The baby planets were discovered by researchers in the midst of an international planet hunt, using a new advanced imaging technique that allowed the detection of planets and solar systems that had previously been obscured by gas and dust.
Rather than looking for a planet's direct light, it searches instead for the effects that planets have on their surroundings.
"This is a totally new area of research and a really wonderful dataset," astrophysicist professor Daniel Price of Monash University, Australia—who helped develop the technique—told Newsweek.
He added: "It is only since 1995 we discovered that solar systems exist around stars other than the Sun, and now we are finally getting a glimpse of how these extra-solar planets are formed."
Primary investigator professor and fellow Monash astrophysicist Christophe Pinte said in a statement that the approach is "like trying to spot a fish by looking for ripples in a pond, rather than trying to see the fish itself."
The work is part of exoALMA, an international project to find new planets, with the new approach allowing researchers to find planets 1,000 times younger than Earth—as young as a few million years old.
In contrast, our own planet is thought to be around 4.5 billion years old, according to The Planetary Society: it was born in the early days of our Solar System, which began forming an estimated 4.6 billion years ago.
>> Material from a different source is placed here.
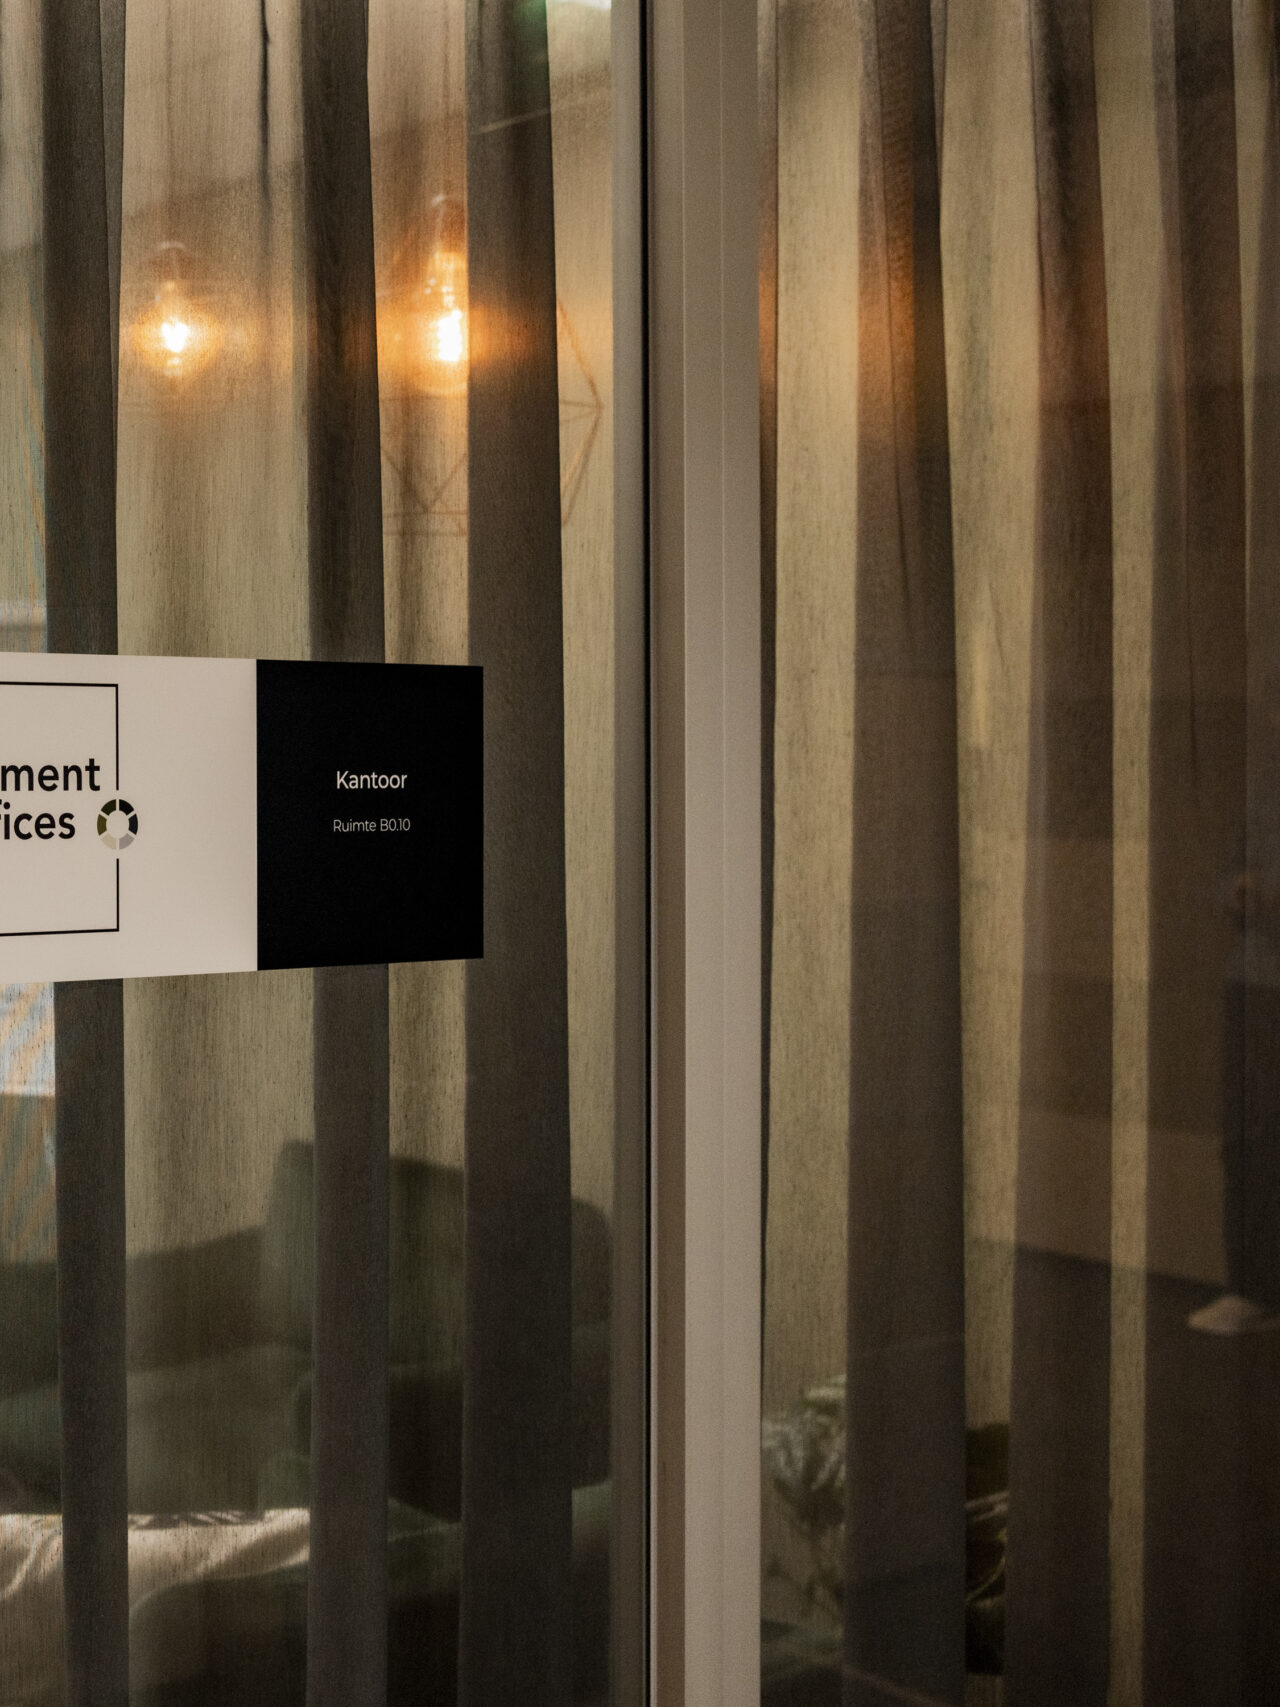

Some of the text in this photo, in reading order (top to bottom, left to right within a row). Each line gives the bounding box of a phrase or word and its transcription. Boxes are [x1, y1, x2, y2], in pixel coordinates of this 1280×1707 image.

[336, 770, 408, 789] Kantoor
[333, 818, 411, 832] Ruimte B0.10
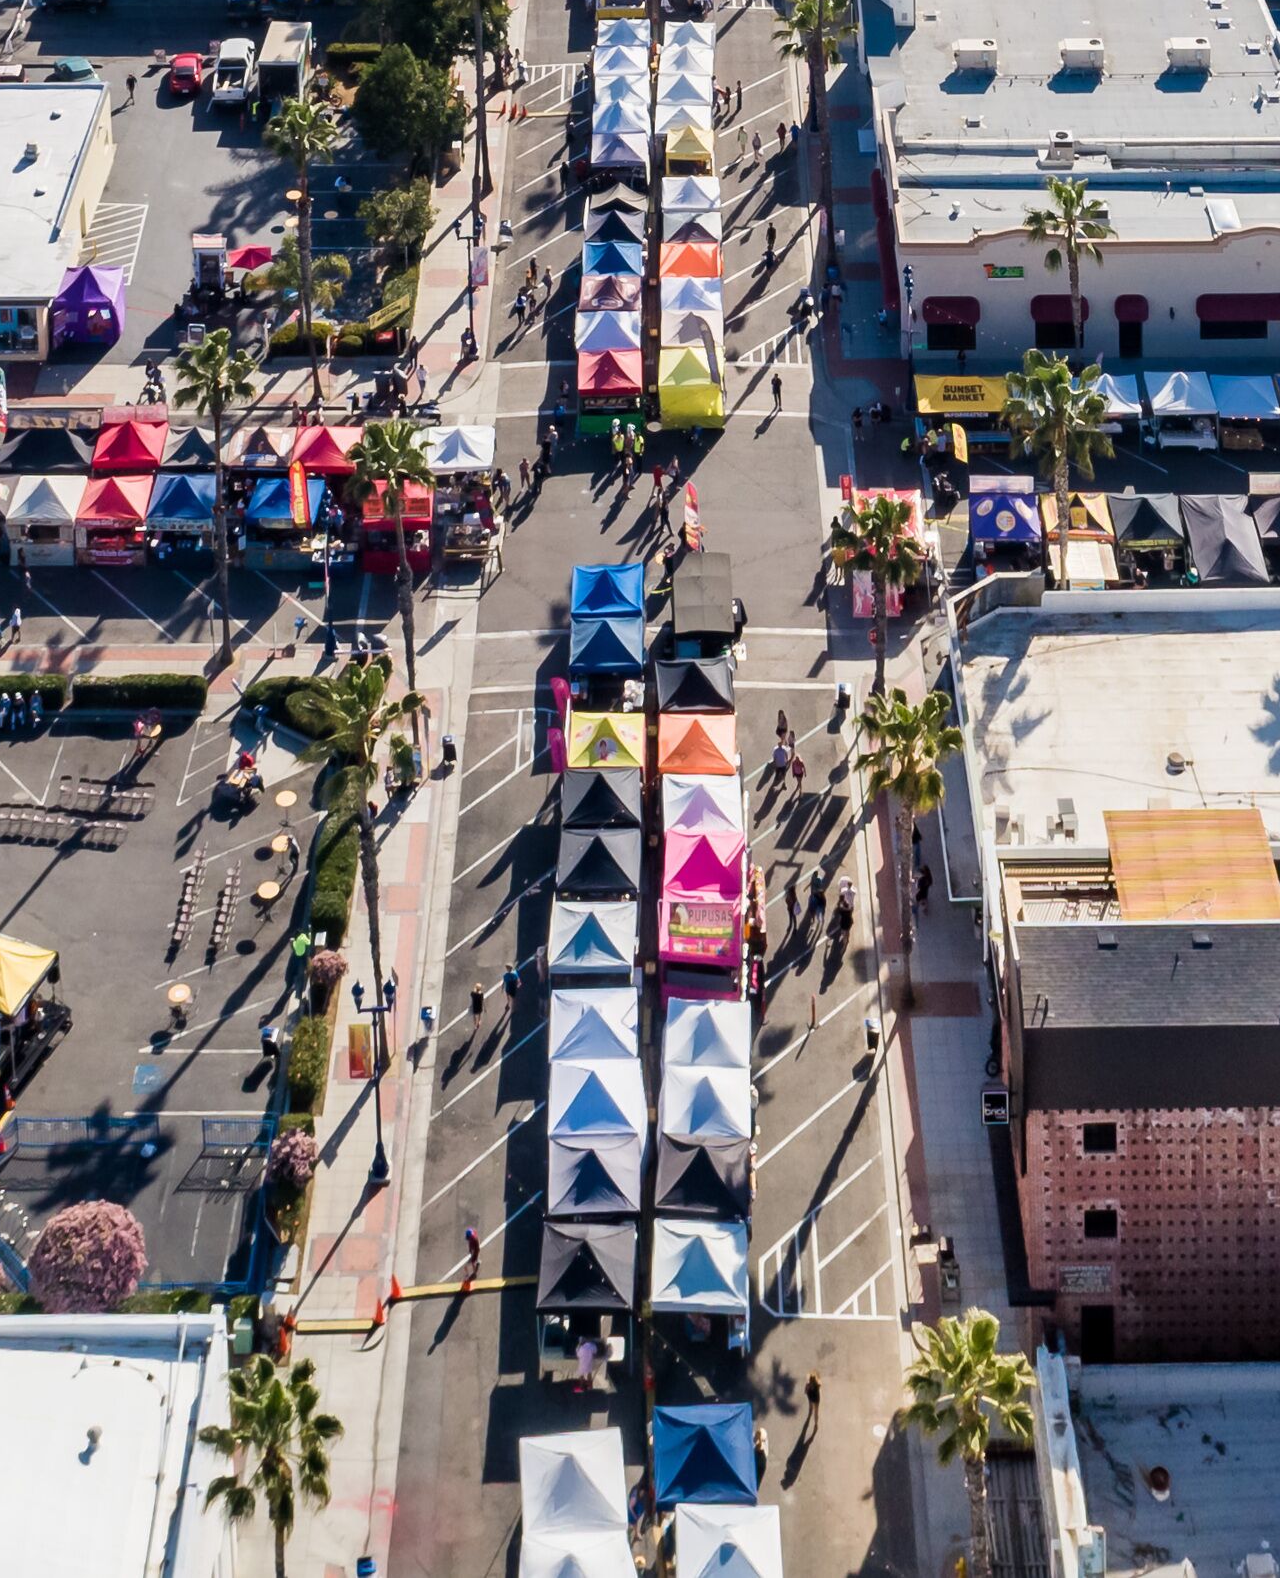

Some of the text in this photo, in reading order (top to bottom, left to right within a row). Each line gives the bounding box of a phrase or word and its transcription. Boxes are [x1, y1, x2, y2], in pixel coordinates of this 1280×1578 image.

exoALMA is named after a powerful telescope in Chile which can capture images of never-before-seen planets and their solar systems: the Atacama Large Millimeter/submillimeter Array (ALMA).
Pinte, who pioneered the new technique, explained that being able to detect much younger planets allows researchers to "learn a lot more about how they grow and evolve.
He added: "A key finding of exoALMA is that planets form quickly, in less than a few million years, and in surprisingly dynamic environments, with many physical mechanisms at play."
It allows both a higher understanding of how planets interact with their environments and evolve over time, as well as the potential to learn more about how our own planet formed and developed.
Price explained that more than while some 5,000 exoplanets have already been discovered, they are all mature systems.
Thus, they can not help researchers to understand "how they formed or why they differ so drastically from our own solar system."
He called their new technique "a remarkable leap forward for astronomy, and [it] opens up lightyears of new possibilities for future discoveries."
"By uncovering the youngest planets, exoALMA is providing the first clues to unravel these mysteries."
Price told Newsweek: "How planets are born is an unsolved area of research, and the new set of observations helps us understand how planets form and grow in discs of gas and dust around young stars. This is the first time we've had very high resolution observations of the gas motions in these 'protoplanetary discs', and there are clear signatures of planets from the spiral arms they create."
Their findings have been published in 17 papers in the Astrophysical Journal Letters, with more to come later in 2025. The data and images connected with the research is to be made publicly available, in order to support further scientific discoveries.
Price told Newsweek they are currently in touch with NASA's James Webb Telescope "to try to image the planets directly, and planning more observations to look for chemical imprints where the newborn planets warm their surrounding gas, to try to get an idea of how fast they grow."
He concluded: "It's a very fast-moving field."